|Height||5' 7" (1.7 m)|
Mini Bio (1)
From his early days in life, starting at the age of 8, Boris Acosta had his first experience as a movie maker wearing as many hats as any filmmaker can wear. He found a large magnifying glass, about 8 inches in diameter. He played with it in the sun burning papers and grass with it. Then, he thought that there had to be a better purpose for such a big magnifying glass. So, he built a wooden box, made a whole in front of it to fit the magnifying glass, and, with the help of his grandfather, put a light in the back of the box. He bought two issues of the same comic magazine, which he cut into strips and glued them together by their edges to make a big roll out of them. He put the roll of comic strips in between the light and the magnifying glass and projected it on the wall. One could say that this was the first home projector ever, but he never thought of it that way. However, this was certainly Acosta's first film. Later he was invited to act in a college film, and after graduating he produced several educational films. One clue at a time, would later find himself working in the film industry as a producer and director of the second best Christian story ever told, The Divine Comedy - Dante's Inferno, Purgatory and Paradise.
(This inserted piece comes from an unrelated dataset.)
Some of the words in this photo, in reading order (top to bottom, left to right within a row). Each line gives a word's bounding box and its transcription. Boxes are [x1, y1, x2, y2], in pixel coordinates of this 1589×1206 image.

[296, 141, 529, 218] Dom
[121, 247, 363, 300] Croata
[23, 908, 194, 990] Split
Boris Acosta studied The Divine Comedy and all minor works written by Dante Alighieri in primitive Italian (Volgare italiano). He also studied other major Italian works and obtained a degree in Italian Literature at the University of California, Los Angeles (UCLA)
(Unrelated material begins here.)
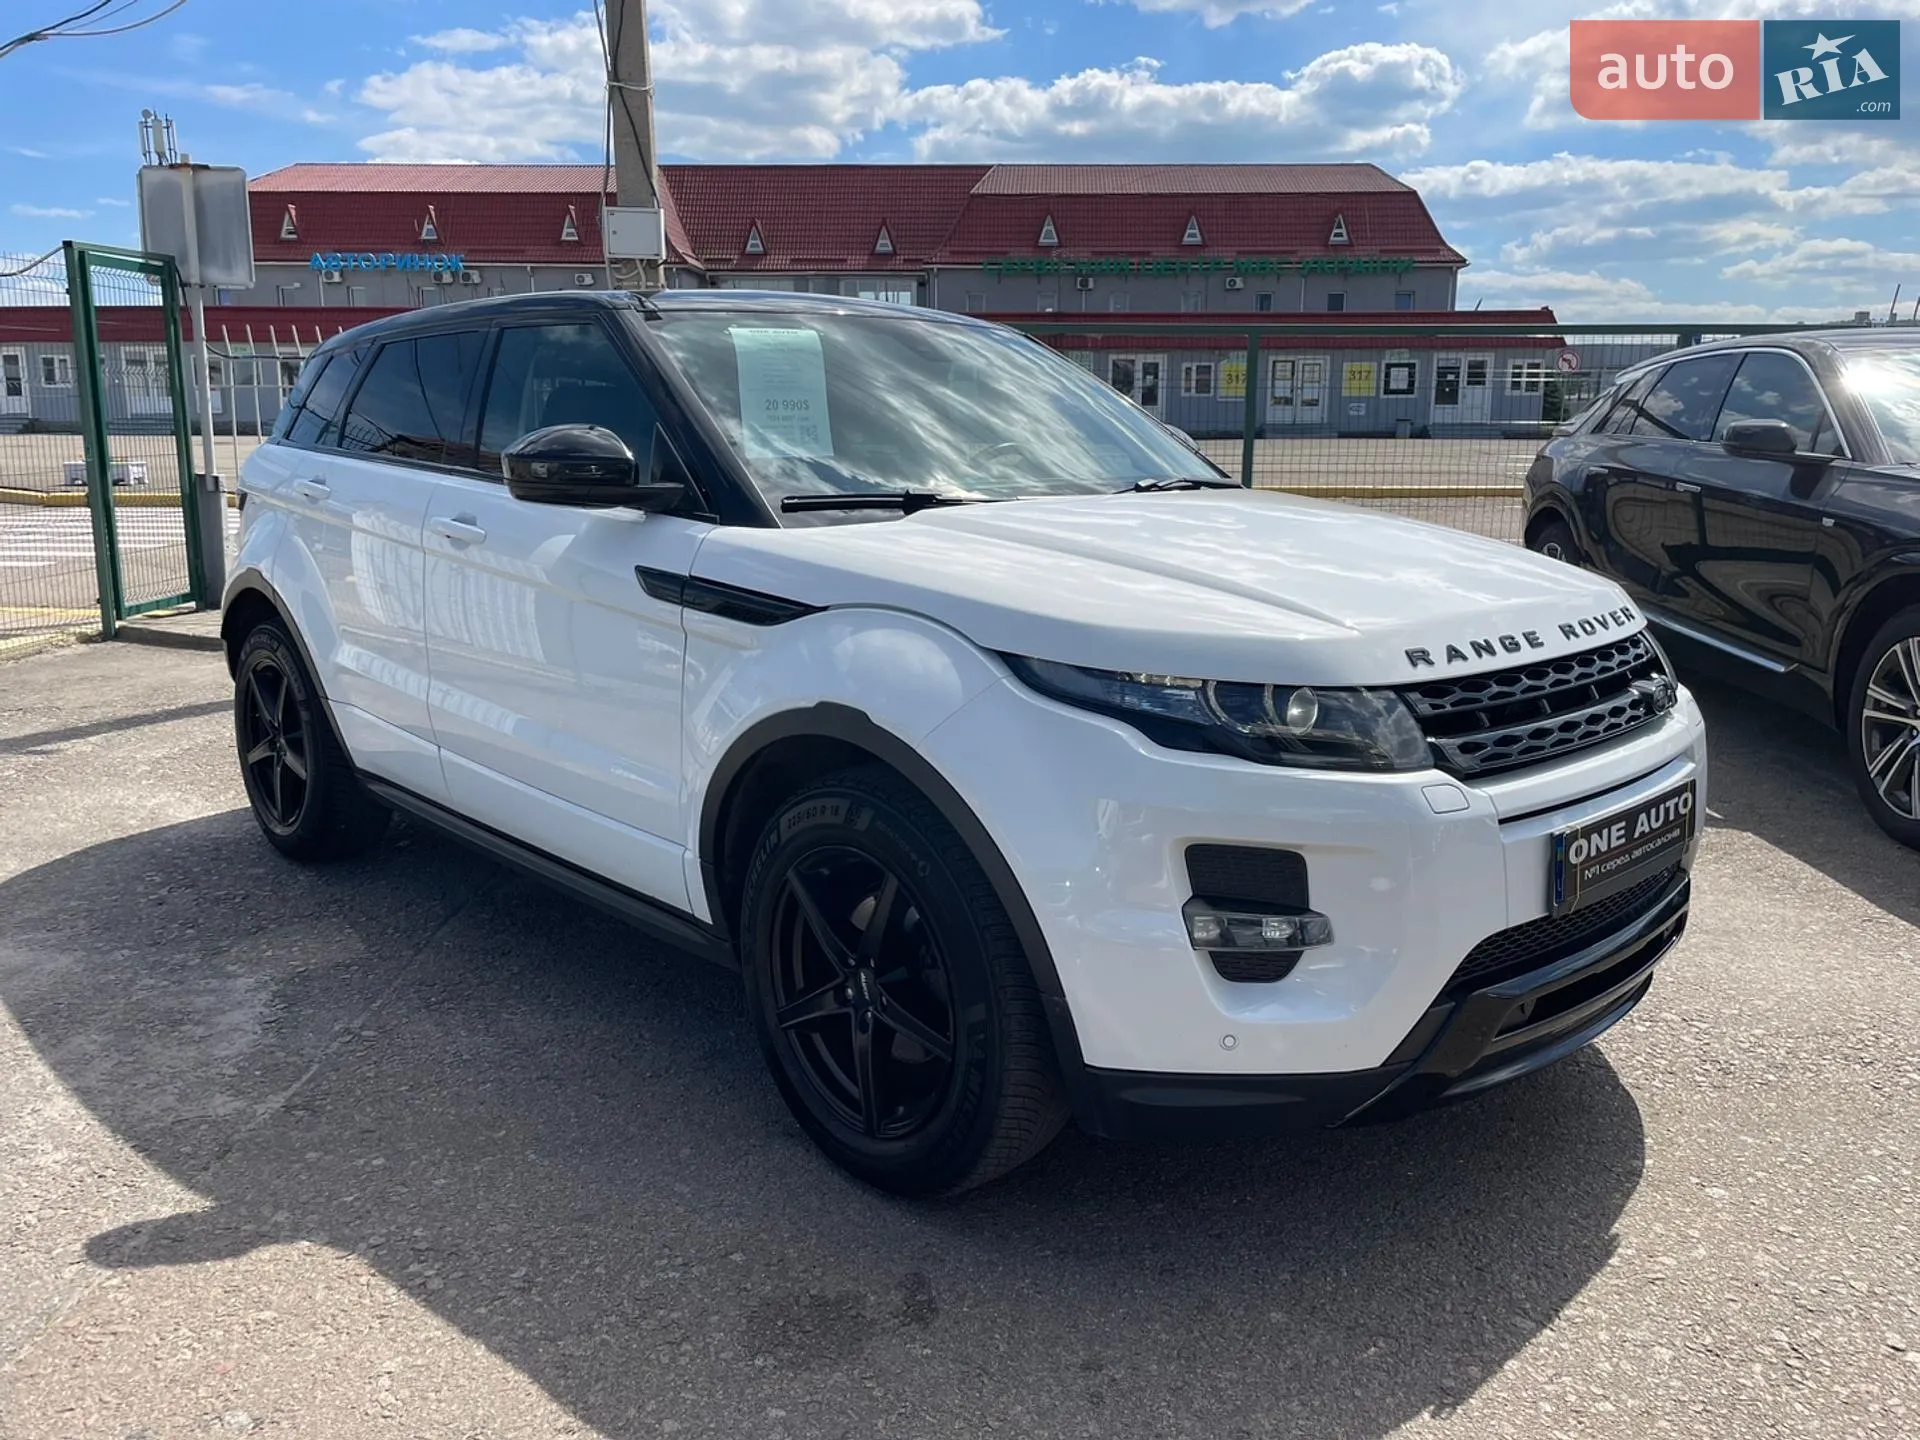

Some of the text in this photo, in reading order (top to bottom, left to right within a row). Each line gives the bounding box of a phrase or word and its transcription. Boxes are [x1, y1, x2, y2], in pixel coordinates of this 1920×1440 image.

Boris Acosta has earned a high reputation from Dantologits (Dantisti) around the world for making films that are truly Dante's way, something that nobody has been able to do since 1911. He is well respected in Hollywood for his convictions, passion and a man of one word.
Boris Acosta, a citizen of the United States, is fluent in English, Italian, Spanish, and Portuguese. He was born from Italian and Portuguese family.
Boris Acosta lived most of his life in the United States, but also in Italy, Austria, Canada, Brazil, Uruguay and Argentina, and has traveled extensively throughout the world.
As a philanthropist, Boris Acosta donates a big percentage of the revenues from the sales of Dante's Inferno 72-piece art collection, valued at $1,080,000 each in canvas giclées. Donations are distributed among several charity organizations that fight cancer, AIDS and help humankind in many possible forms.